CE QUI EST DÉCISIF
Le récit n’est pas, à proprement parler, une parabole, mais une évocation du jugement dernier de tous les peuples. Toute la scène est concentrée sur un long dialogue entre le juge, qui n’est autre que Jésus ressuscité, et deux groupes de personnes: celles qui ont soulagé la souffrance des plus nécessiteux et celles qui ont vécu en refusant de les aider.
Tout au long des siècles, les chrétiens ont vu dans ce dialogue fascinant «la meilleure récapitulation de l’Evangile», «l’éloge absolu de l’amour solidaire» ou «l’avertissement le plus grave à ceux qui ont faussement trouvé refuge dans la religion». Signalons les principales affirmations.
Tous les hommes et toutes les femmes sans exception seront jugés sur le même critère. Ce qui donne à la vie une valeur impérissable n’est pas la condition sociale, la capacité personnelle ou le succès obtenu tout au long des années. Ce qui est décisif c’est l’amour pratique et solidaire envers ceux qui ont besoin d’aide.
Cet amour se traduit dans des actes très concrets. Par exemple, «donner à manger», «donner à boire», «accueillir l’immigrant», «habiller celui qui est nu», «visiter le malade ou le prisonnier». Ce qui est déterminant devant Dieu ce ne sont pas les actions religieuses mais ces gestes humains d’aide envers les nécessiteux. Ils peuvent provenir d’une personne croyante ou jaillir du coeur d’un agnostique qui pense à ceux qui souffrent.

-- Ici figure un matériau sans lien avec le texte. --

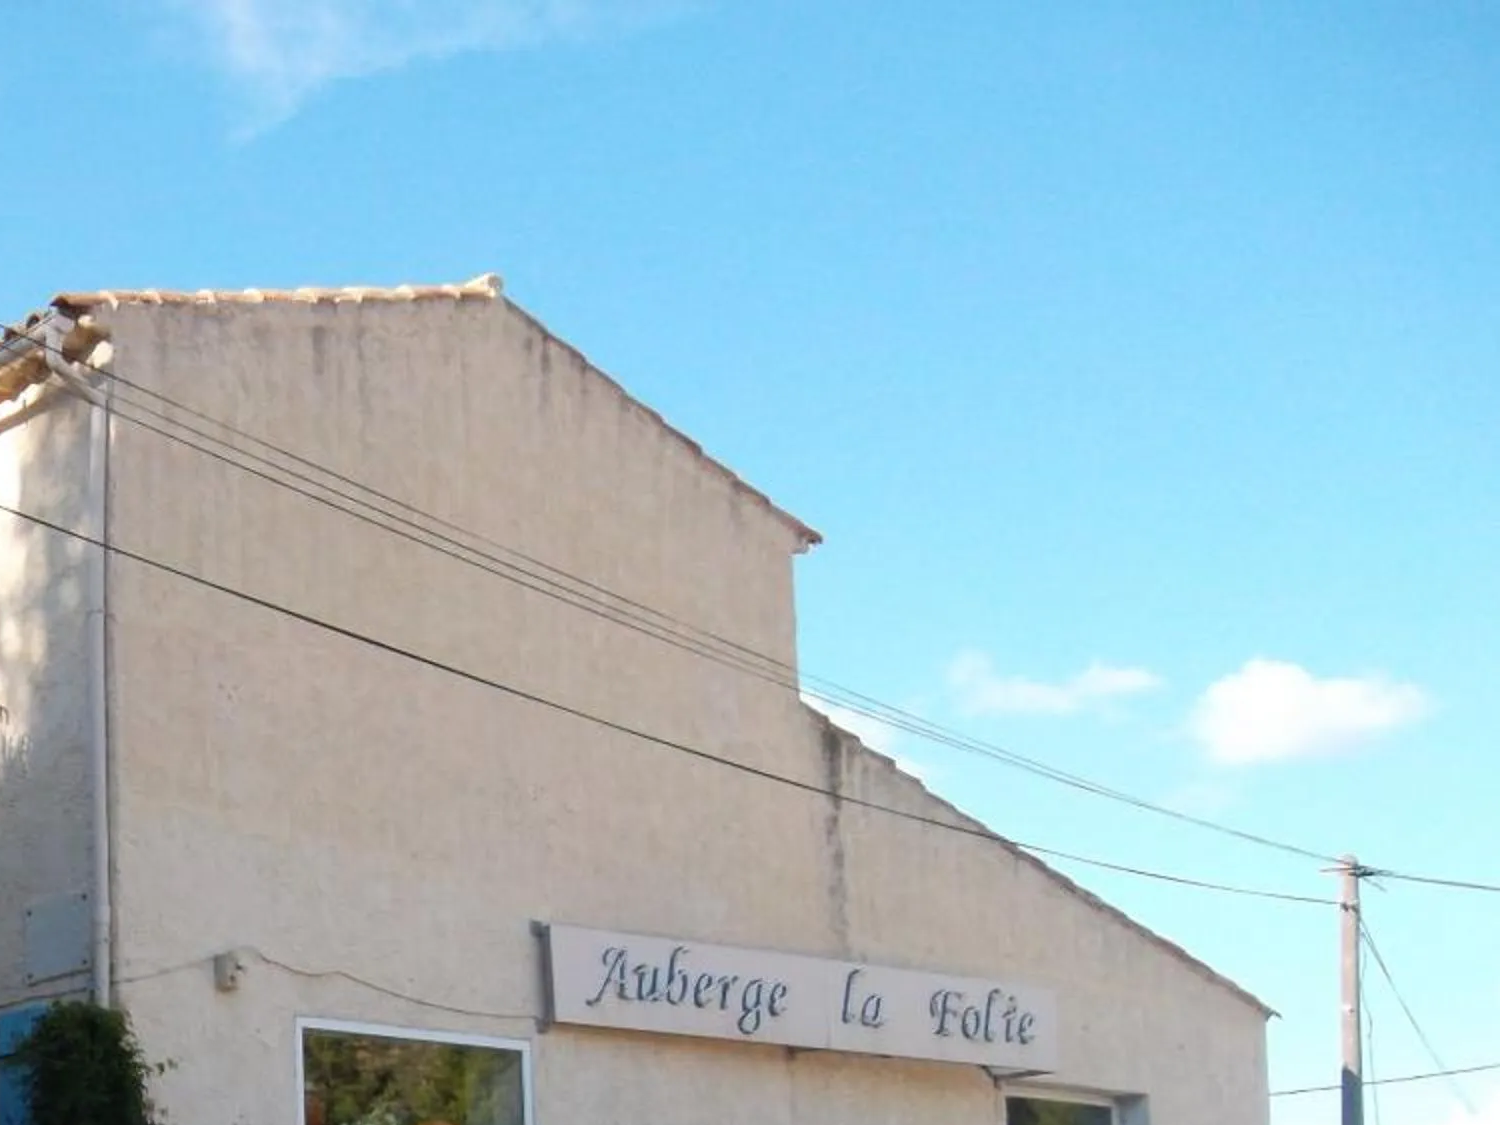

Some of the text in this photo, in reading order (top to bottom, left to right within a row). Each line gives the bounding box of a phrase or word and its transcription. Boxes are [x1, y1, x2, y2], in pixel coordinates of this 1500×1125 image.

Les personnes ayant aidé les nécessiteux rencontrés sur leur chemin n’ont pas fait cela pour des motifs religieux. Elles n’ont pensé ni à Dieu ni à Jésus-Christ. Elles ont simplement cherché à soulager un tant soit peu la souffrance dans le monde. Maintenant, invitées par Jésus, elles entrent dans le royaume de Dieu en tant que «bénies du Père».
Pourquoi le fait d’aider les nécessiteux est tellement décisif et pourquoi le refus de les aider, tellement condamnable? Parce que, selon la révélation du juge, ce que l’on fait ou l’on ne fait pas à leur égard c’est à Dieu, lui-même, incarné en Jésus-Christ, qu’ont est en train de le faire ou pas. Lorsque nous abandonnons un nécessiteux, c’est Dieu que nous abandonnons. Quand nous soulageons sa souffrance, c’est à Dieu que nous le faisons.

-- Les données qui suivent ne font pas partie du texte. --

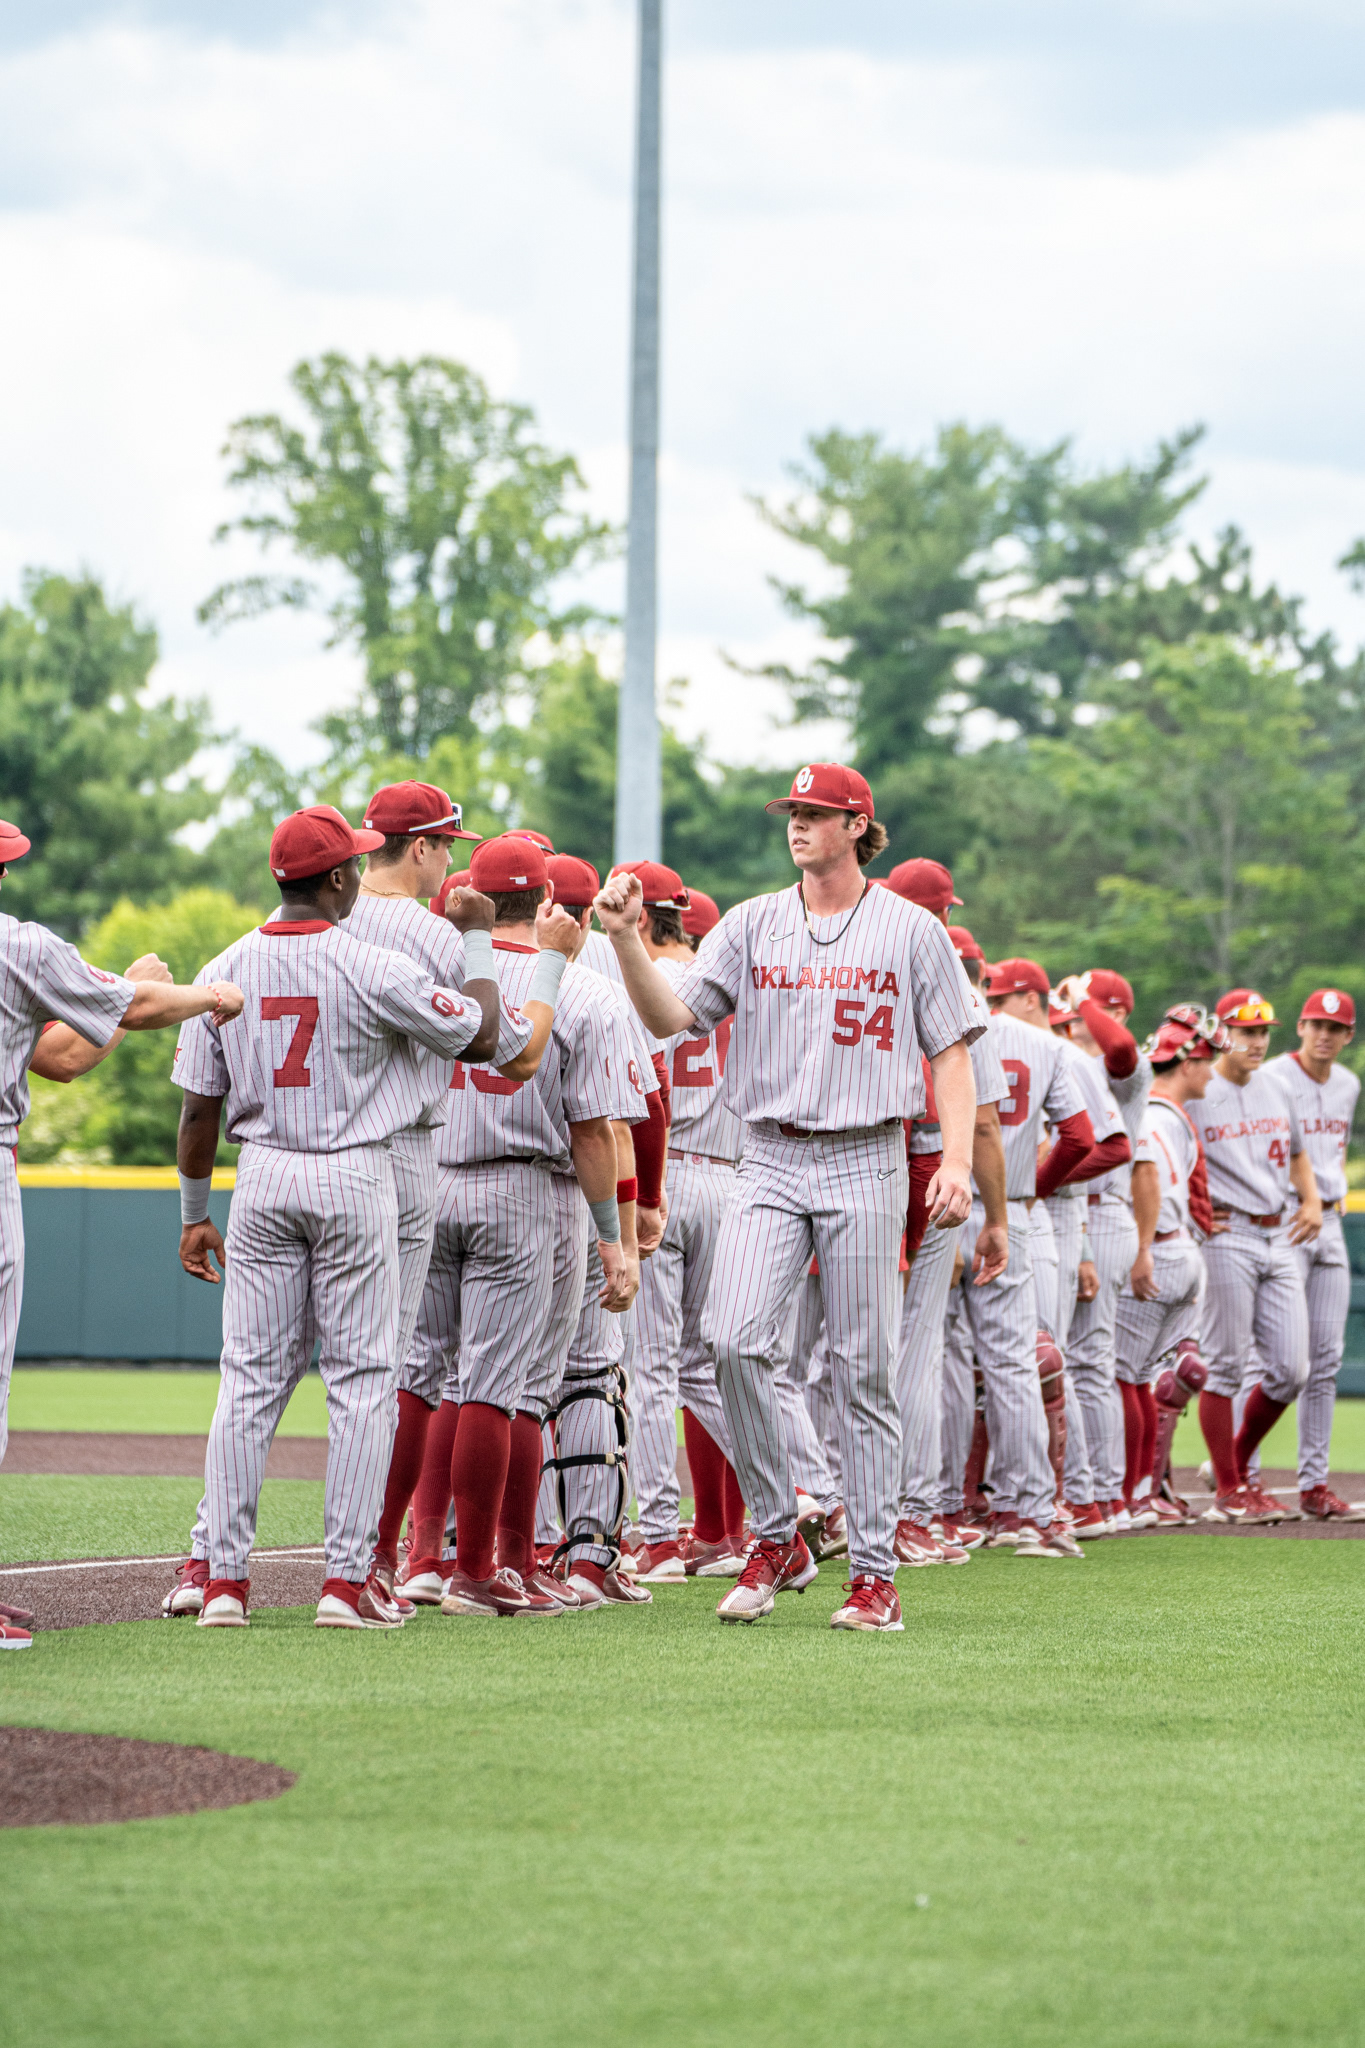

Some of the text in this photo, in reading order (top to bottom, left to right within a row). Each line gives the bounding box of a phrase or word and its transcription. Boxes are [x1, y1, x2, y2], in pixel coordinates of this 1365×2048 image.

[796, 766, 815, 793] OU
[751, 965, 900, 998] OKLAHOMA
[261, 996, 320, 1088] 7
[832, 998, 894, 1052] 54

Ce message surprenant nous incite à tourner nos regards vers ceux qui souffrent. Pas de religion véritable, pas de politique progressiste, pas de proclamation responsable des droits de l’homme si ce n’est pas en défendant les plus démunis, en soulageant leur souffrance et en restaurant leur dignité.

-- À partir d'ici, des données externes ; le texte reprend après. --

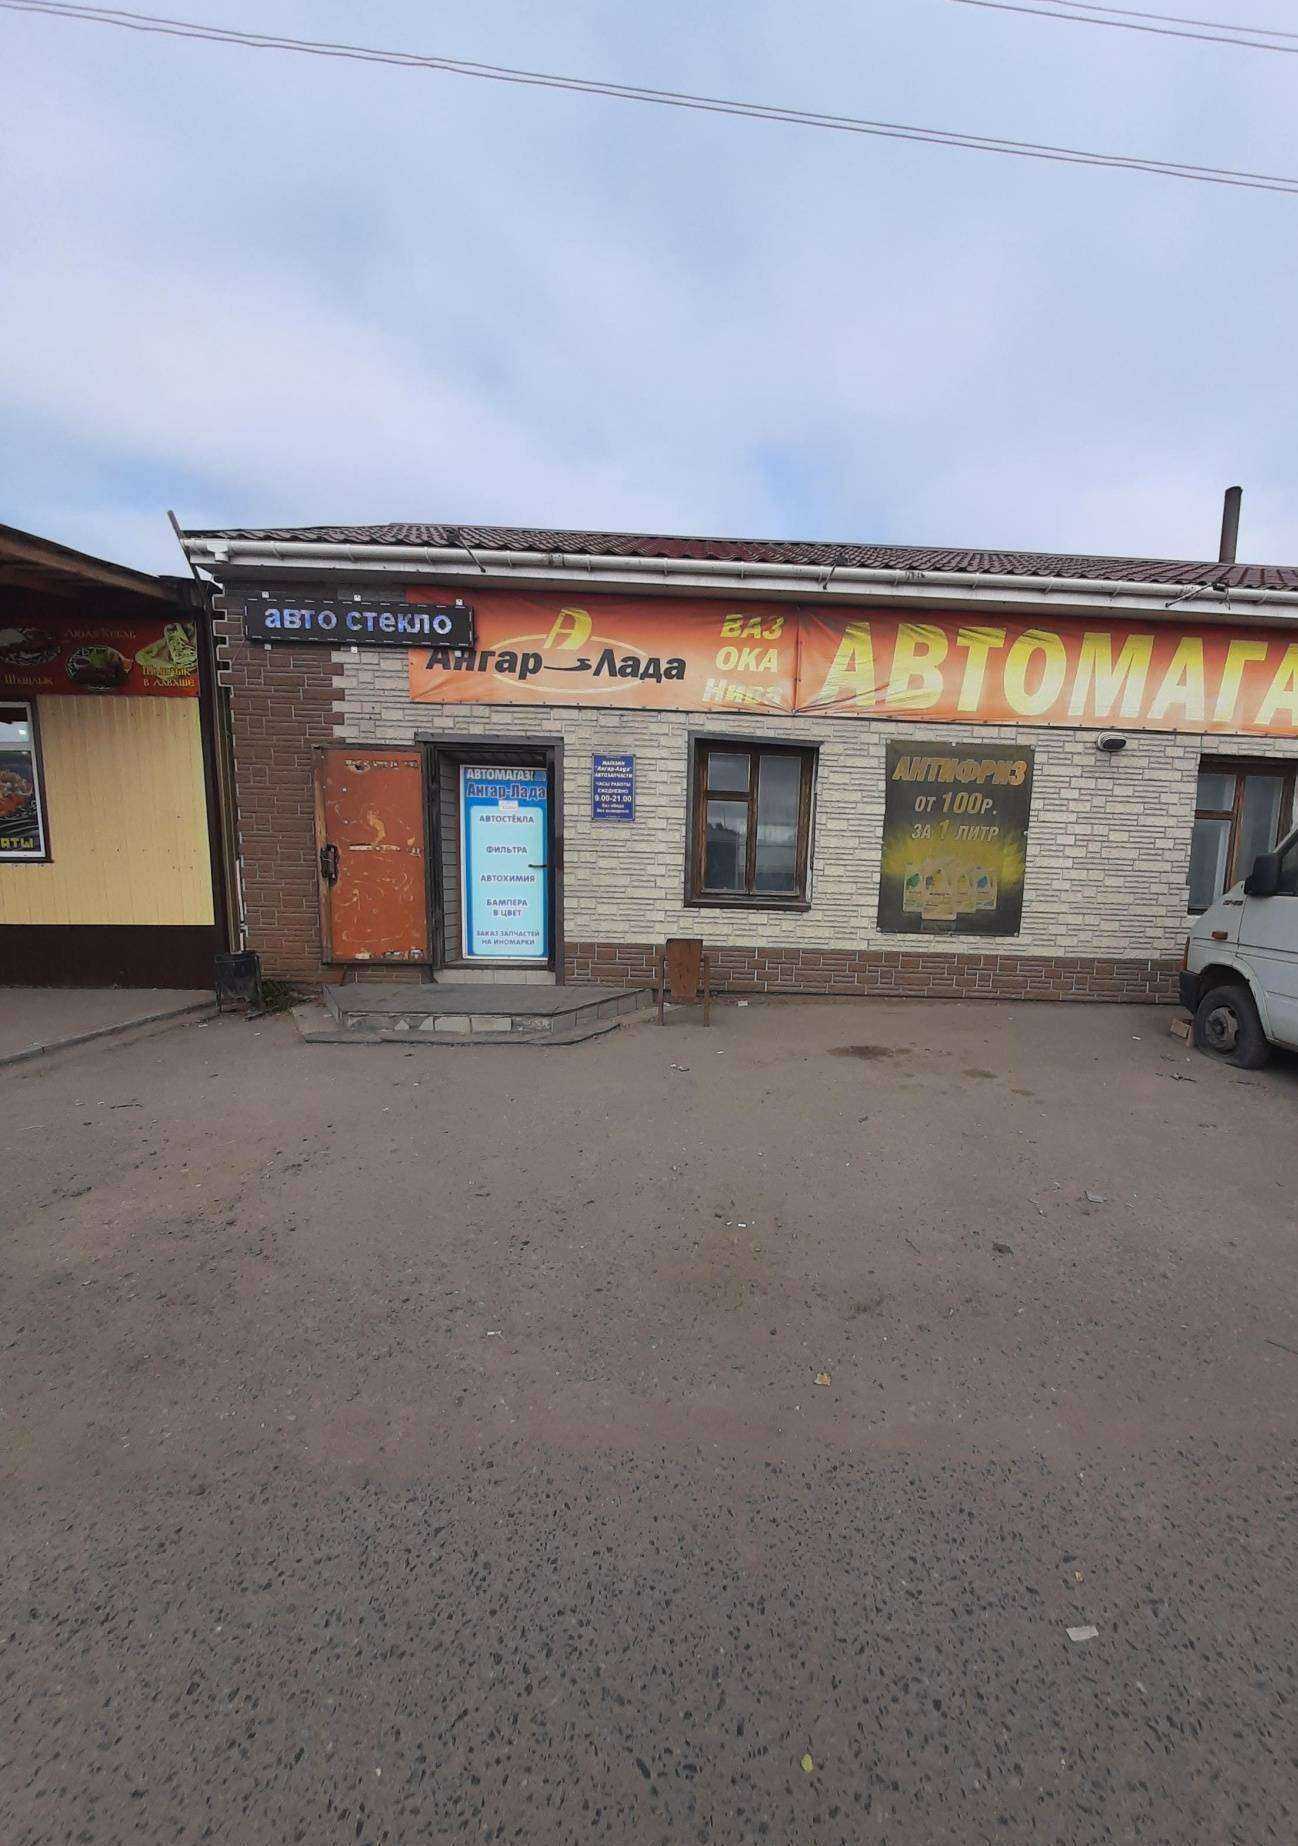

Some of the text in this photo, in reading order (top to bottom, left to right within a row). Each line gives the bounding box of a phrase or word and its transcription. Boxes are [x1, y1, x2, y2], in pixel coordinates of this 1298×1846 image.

[264, 608, 453, 636] авто стекло
[720, 613, 784, 640] ВАЗ
[425, 646, 687, 683] Ангар Лада
[715, 646, 778, 673] ОКА
[815, 622, 1298, 727] АВТОМАГА
[891, 756, 1028, 786] АНТИФРИЗ
[466, 782, 547, 801] Ангар-Лада
[956, 825, 999, 841] ЛИТР
[486, 845, 528, 855] ФИЛЬТРА
[480, 874, 536, 884] АВТОХИМИЯ
[486, 898, 528, 907] БАМПЕРА
[500, 909, 522, 917] ЦВЕТ
[499, 929, 540, 937] ЗАПЧАСТЕЙ

Jésus vient à notre rencontre dans chaque personne qui souffre, il nous regarde, il nous interroge et nous interpelle. Rien ne nous approche autant de lui que d’apprendre à regarder avec attention et compassion le visage de ceux qui souffrent. Nulle part ailleurs nous ne pourrons reconnaître de manière plus authentique le visage de Jésus.